A tweet from the perspicacious Jerry Michalski about “that troubling word, consumer” got me digging through my blog archives.

I was looking for a piece (which I didn’t find), that noted at least two problems with that troubling word

  • consumption is a deception, since we know from the laws of thermodynamics (matter is neither created nor destroyed, remember?) that there is only transformation, not consumption (though there is indeed degradation of quality)
  • consumption, back in the 19th century, was the name we gave to tuberculosis, a disease that ate people out from the inside

One other, which I posted as a comment to Jerry:

  • Remember when our primary self-identification was as citizens—a relationship to each other not as consumers—a relationship to stuff?

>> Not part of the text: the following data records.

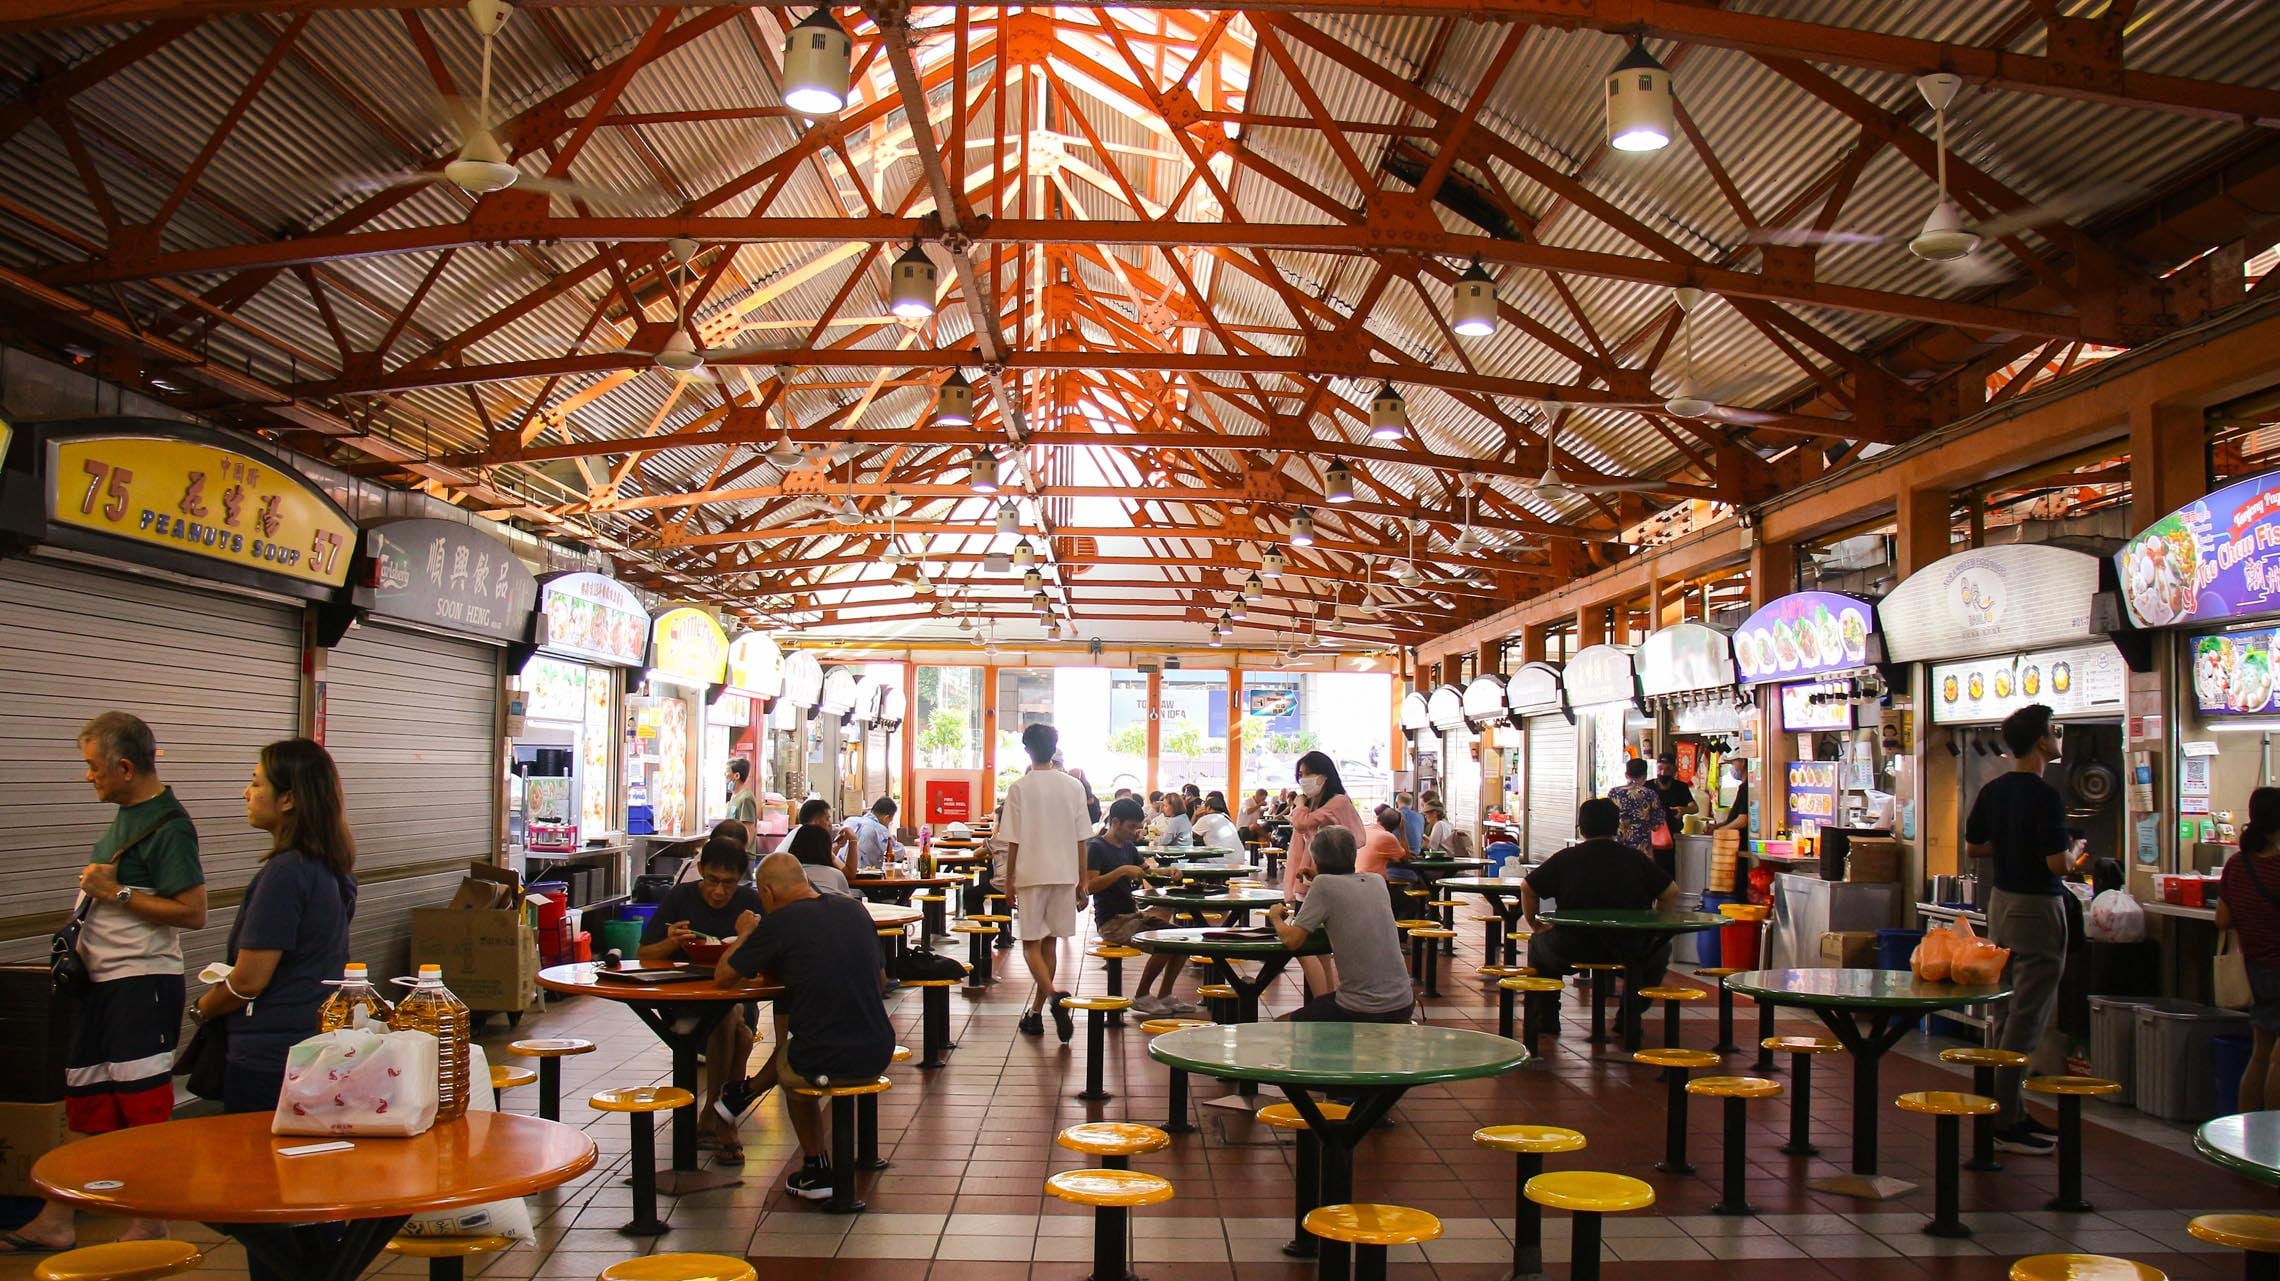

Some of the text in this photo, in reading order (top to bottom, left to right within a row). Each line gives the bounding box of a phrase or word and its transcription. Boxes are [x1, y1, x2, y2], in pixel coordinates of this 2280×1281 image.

[81, 458, 133, 522] 75
[2234, 500, 2264, 528] Tanjong
[139, 509, 301, 567] PEANUTS SOUP
[309, 528, 343, 576] 57
[436, 598, 490, 627] SOON HENG
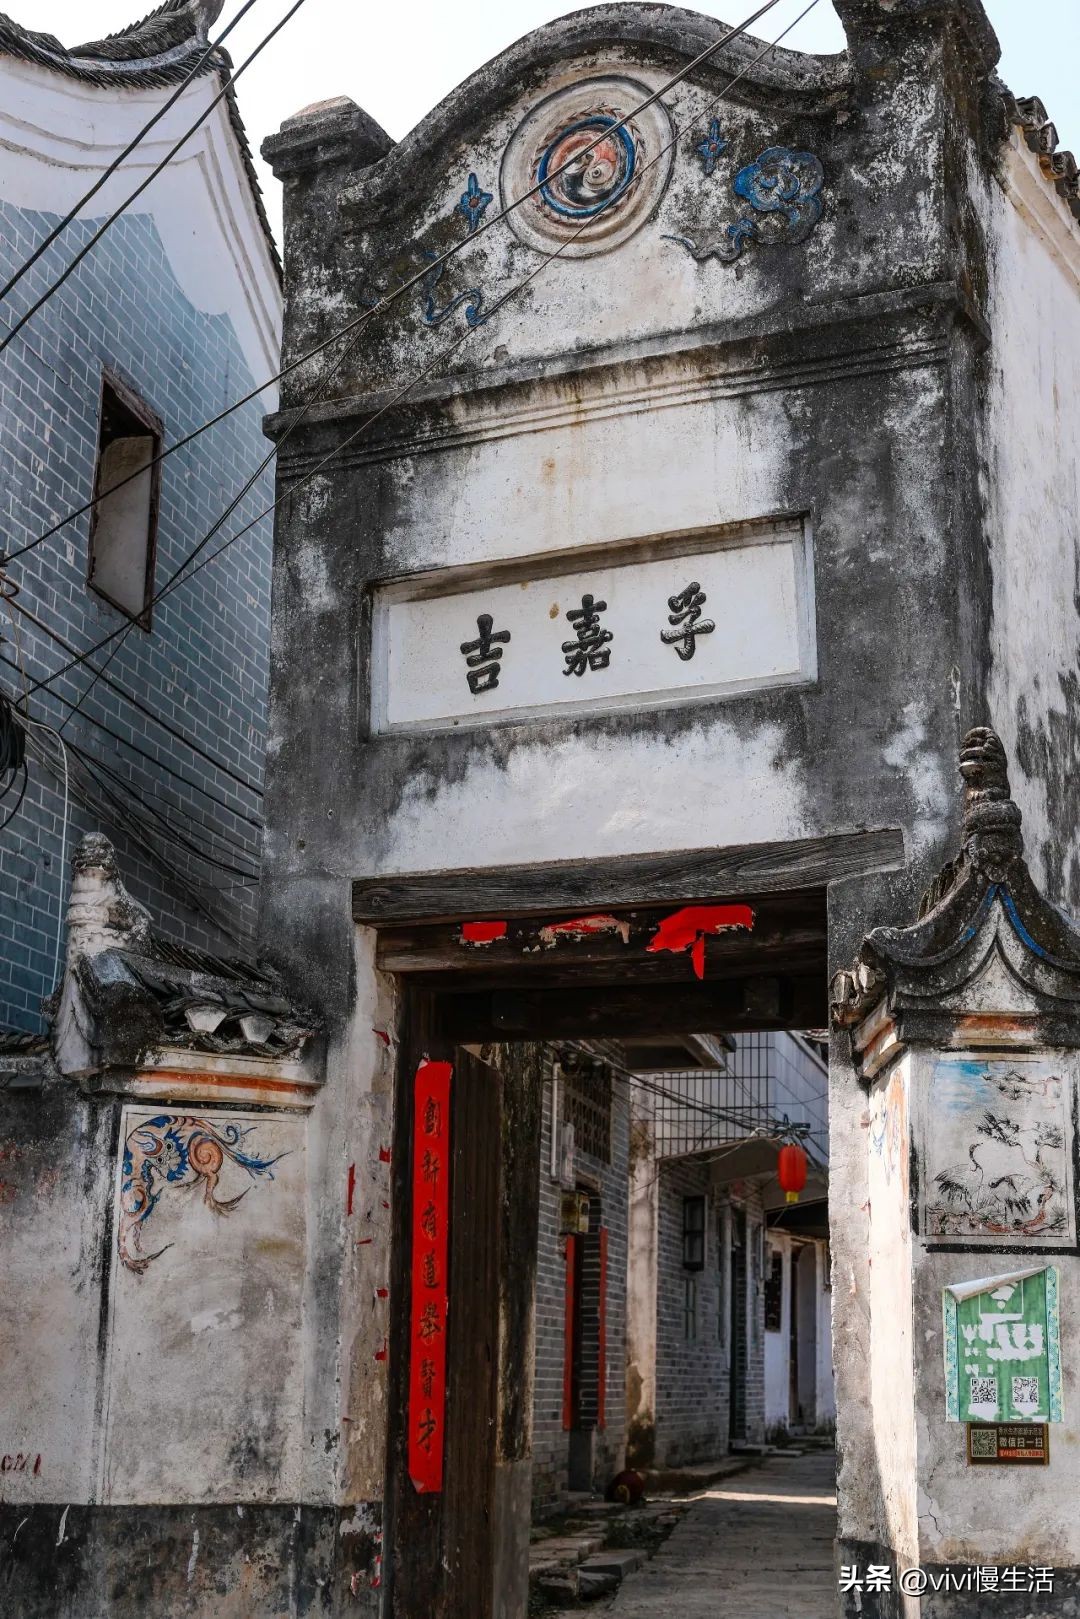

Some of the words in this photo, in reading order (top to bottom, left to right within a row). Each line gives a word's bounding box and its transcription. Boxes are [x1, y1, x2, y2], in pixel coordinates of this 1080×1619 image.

But—speaking of stuff—I did find this:

…therein lies the business dilemma that this space periodically alludes to: if a prosperous economy depends on economic transactions, which usually involve an exchange of stuff, which has to be “produced,” which is done by applying energy to transform matter, which inevitably results in more junk…if stuff lust drives the cycle ever faster into debt, ecological fragility and social emptiness…if we all (in our personal if not business lives) care about this…how shall businesses design ways of doing business that step out of these cycles into products, processes and transactions that actually add value while minimizing rather than maximizing the flow of stuff around the surface of the earth?